§ **Exercise details**
Restate the listing below line for line and word for word, without the pictures.

══ Exercise inputs ══

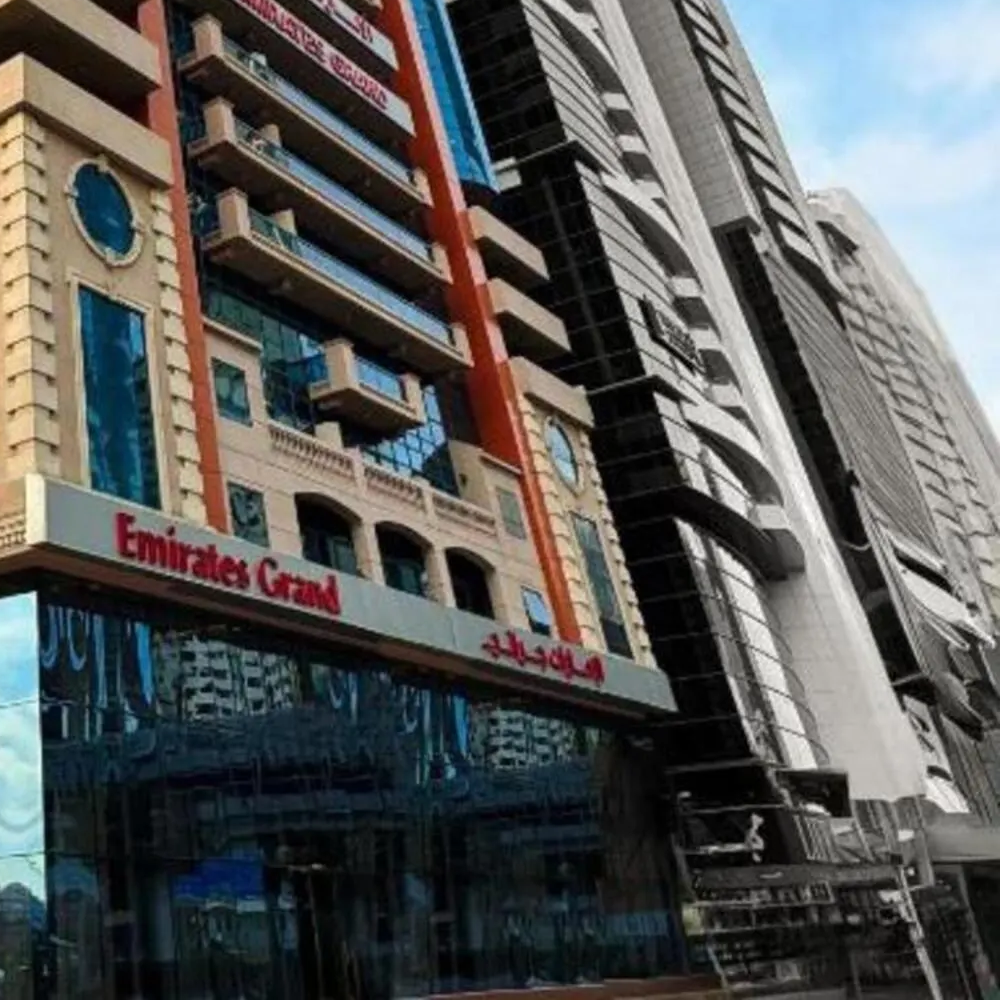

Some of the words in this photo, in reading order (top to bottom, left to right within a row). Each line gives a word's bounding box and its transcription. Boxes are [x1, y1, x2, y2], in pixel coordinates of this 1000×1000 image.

[329, 53, 389, 110] GRAND
[113, 511, 251, 590] Emirates
[256, 556, 342, 616] Grand
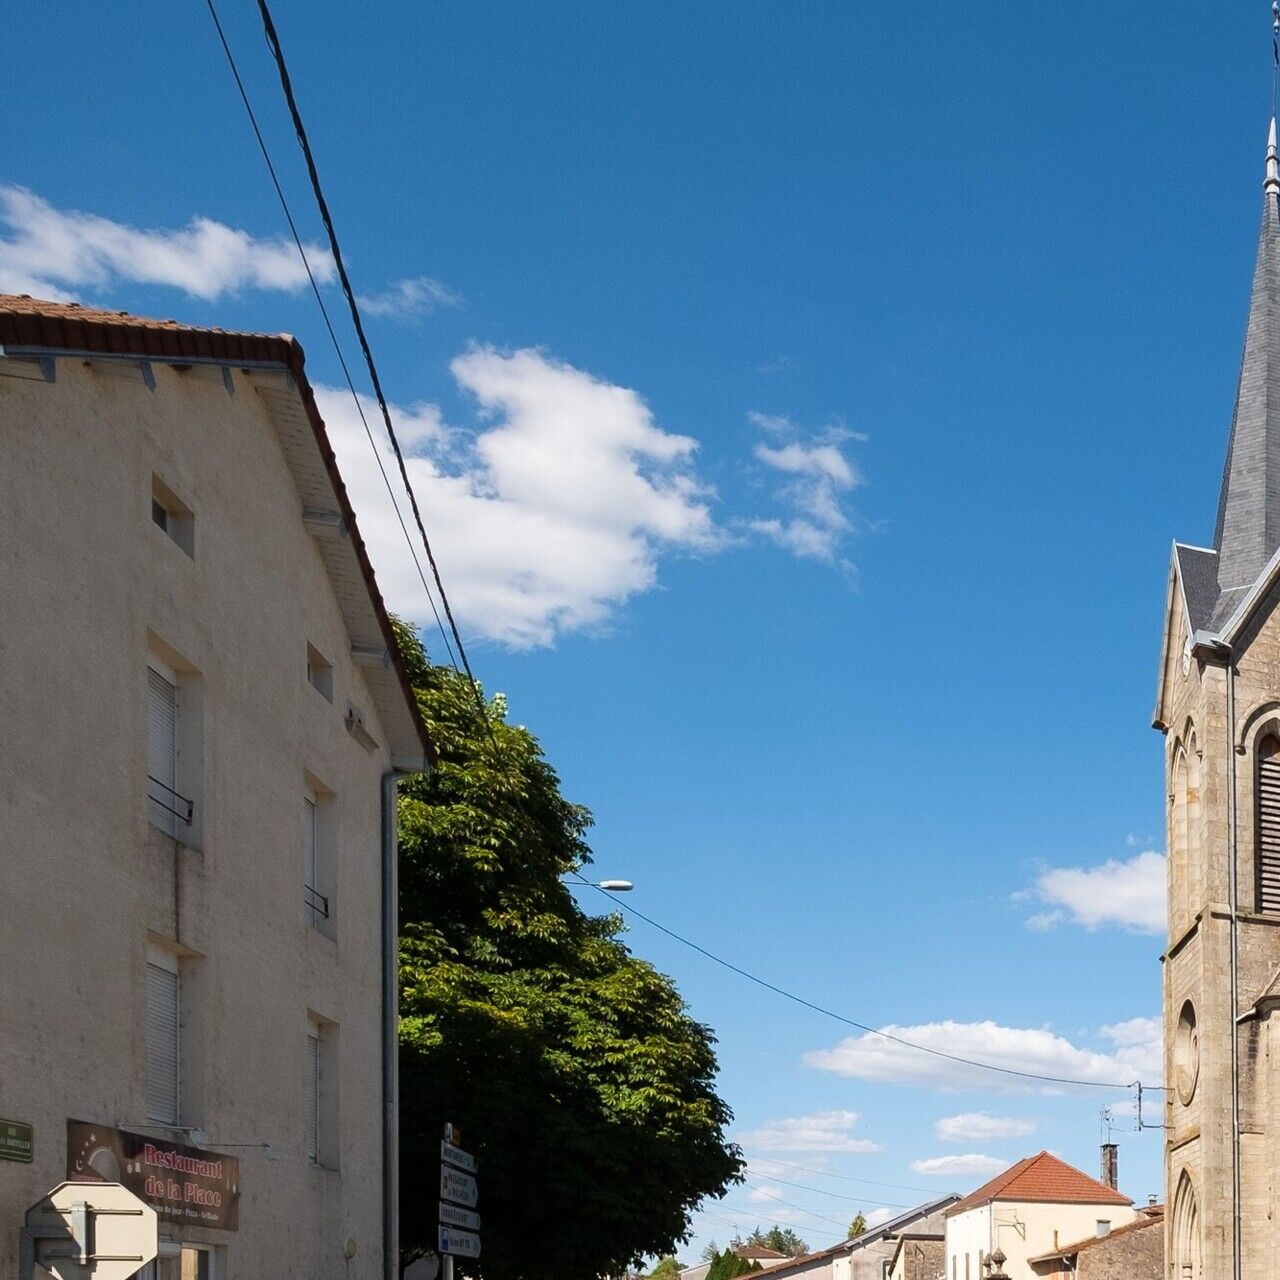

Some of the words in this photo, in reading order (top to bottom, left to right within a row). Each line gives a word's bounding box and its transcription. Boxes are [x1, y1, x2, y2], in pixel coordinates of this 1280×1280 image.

[144, 1143, 223, 1180] Restaurant
[145, 1176, 164, 1198] de
[167, 1179, 182, 1201] la
[184, 1182, 222, 1208] Place
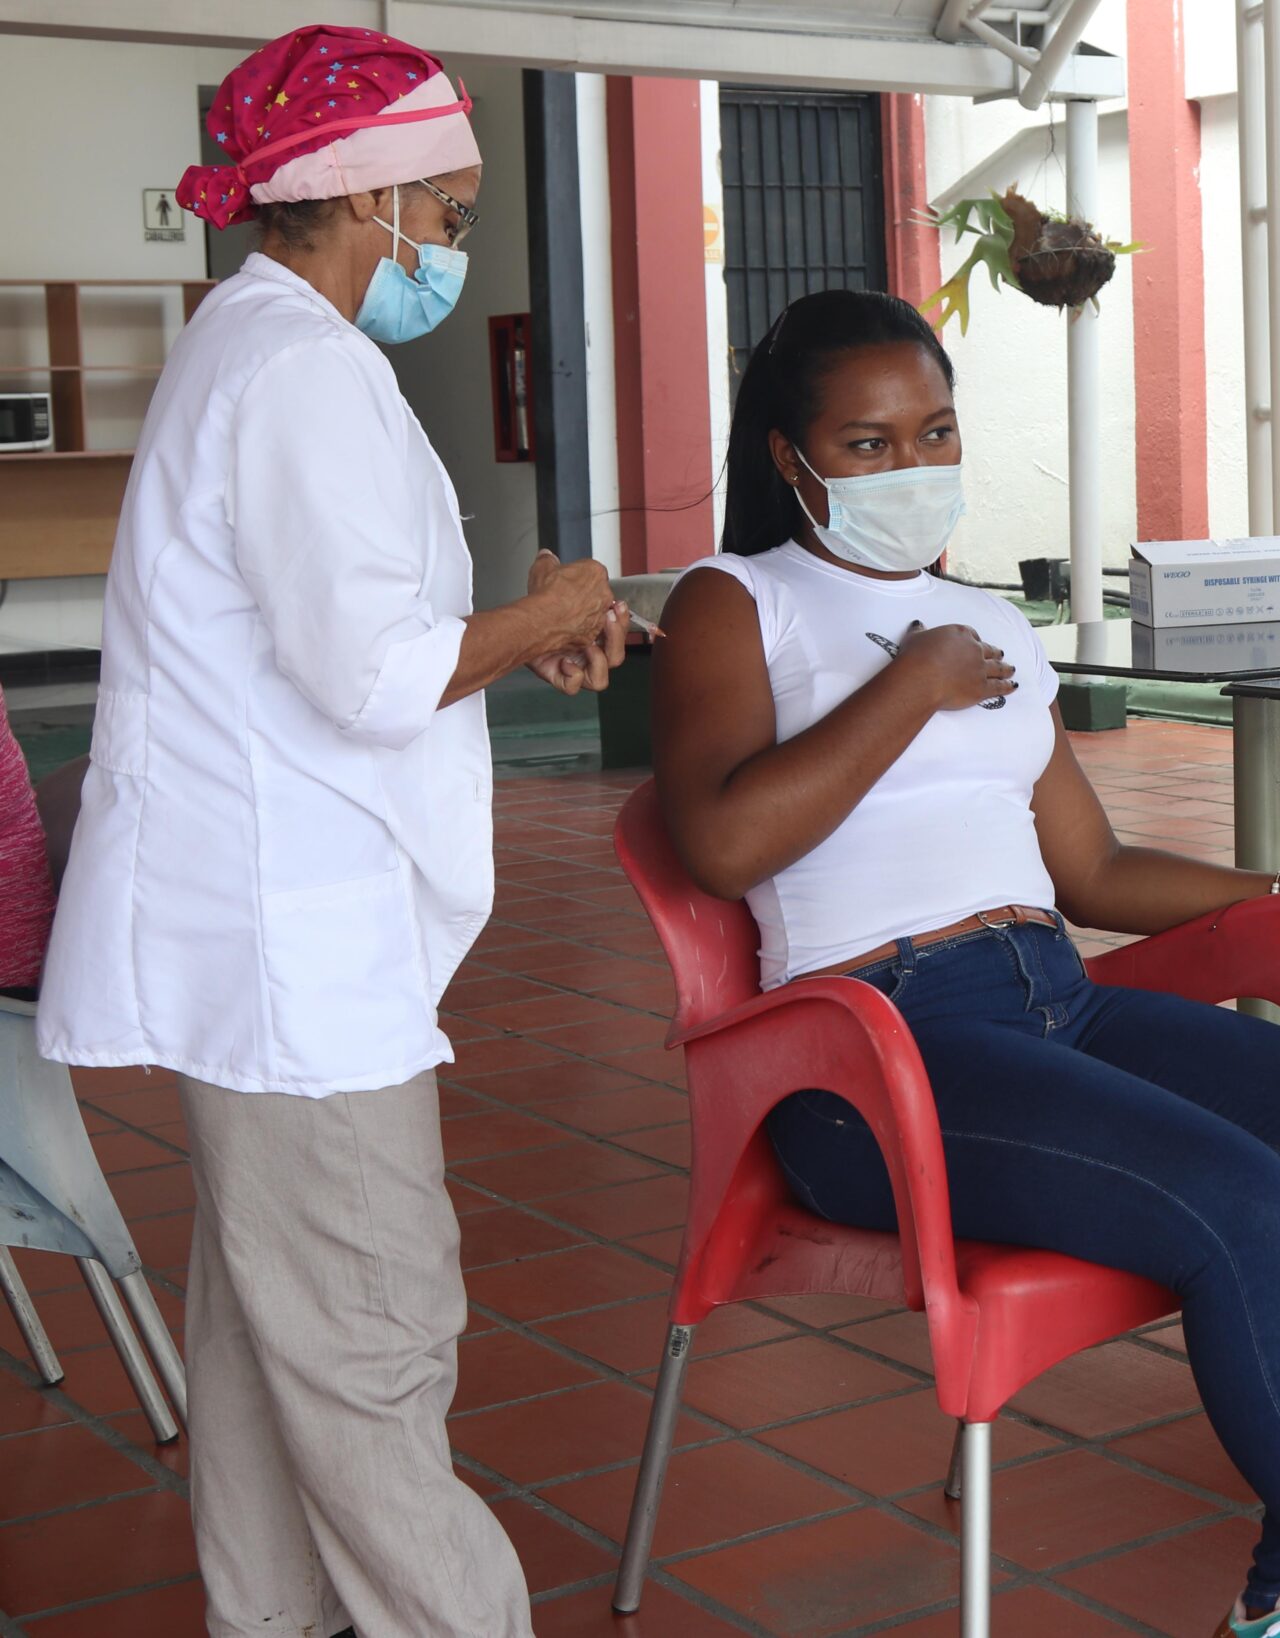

═══

§ **Answer space**
Some of the words in this photo, in reading order (top to bottom, left to right within a row). Each line gives a word's bounding box and its transcription. Boxes are [x1, y1, x2, y2], in pixel coordinates of this 1000×1000 image.

[329, 53, 389, 110] GRAND
[113, 511, 251, 590] Emirates
[256, 556, 342, 616] Grand

Some of the words in this photo, in reading order (top to bottom, left to right within a row). Each line gives a word's bounding box and its transcription. Boxes are [x1, y1, x2, y2], in pixel coordinates of this 1280×1280 image.

[144, 1143, 223, 1180] Restaurant
[145, 1176, 164, 1198] de
[167, 1179, 182, 1201] la
[184, 1182, 222, 1208] Place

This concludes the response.